08. PROTECCIÓN AL HABITANTE Y UNA SOCIEDAD DE OPORTUNIDADES

Por
naranja
Lunes, 18/11/2013
El ideal de CORRIENTE NARANJA para la Argentina es que sea una sociedad de oportunidades, donde los ciudadanos vivan libres y seguros. Ella representa el respeto al desempeño y al éxito. Y pretendemos su arraigo en el centro social, para que disfruten de sus beneficios también quienes hasta ahora han estado excluidos. Las claves para obtener mejores oportunidades en el mercado de trabajo se encuentran sobre todo en oportunidades de formación iguales y en continuar aprendiendo durante toda la vida.
Creemos que para que la Argentina sea una sociedad de oportunidades debemos ocuparnos en forma urgente de la desnutrición infantil, de la gente durmiendo en la calle, del hacinamiento y abuso, la violencia doméstica, el abandono del sistema educativo, de las peleas entre “barrabravas”, los niños limpiando parabrisas de los autos, los migrantes no acogidos y de la destrucción de la naturaleza.
Para que el habitante se sienta realmente protegido, nuestra corriente entiende que es preciso que el ciudadano sienta que la ley antepone sus derechos a los derechos del “delincuente” y para ello queremos una seguridad preventiva eficaz a través de una coordinación efectiva entre las distintas fuerzas y la aplicación de un nuevo modelo de despliegue de la Policía, conforme a la nueva realidad urbana y rural. Es por eso que CORRIENTE NARANJA propugna una profunda reforma de las políticas de reinserción y el máximo rigor punitivo en los casos de narcotráfico, tráfico de personas, proxenetismo, patoterismo, violación o agresión contra la dignidad de la mujer, de la infancia o de las personas por nacer.
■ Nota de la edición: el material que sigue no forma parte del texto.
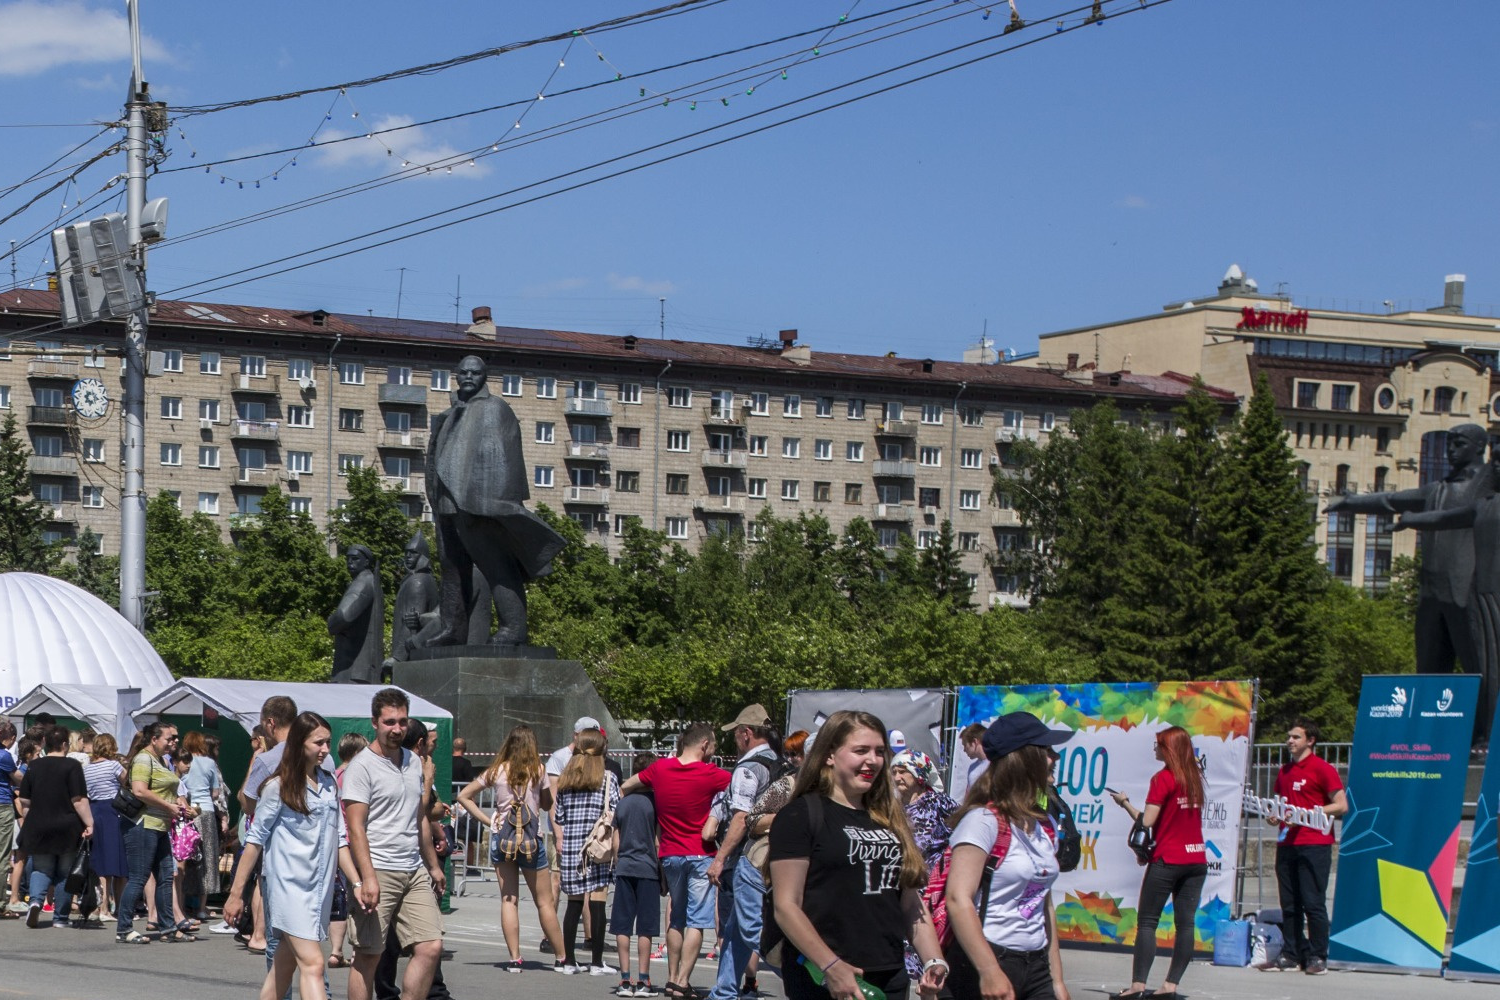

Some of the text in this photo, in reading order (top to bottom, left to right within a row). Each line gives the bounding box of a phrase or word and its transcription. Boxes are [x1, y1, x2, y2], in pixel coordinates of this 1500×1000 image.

CORRIENTE NARANJA pregona que toda persona tiene derecho a la solidaridad y obligaciones con respecto a ella, y contribuye con su trabajo y su desempeño a que la comunidad pueda interceder por el individuo. Nos declaramos partidarios de esta responsabilidad recíproca. Formas elementales de solidaridad son la ayuda y el respaldo en la convivencia directa y personal; en la familia, entre amigos y vecinos y en comunidades de particulares. Sin embargo, en cualquier ámbito donde las fuerzas del individuo se vean rebasadas, la comunidad y el estado tiene la obligación de ayudar.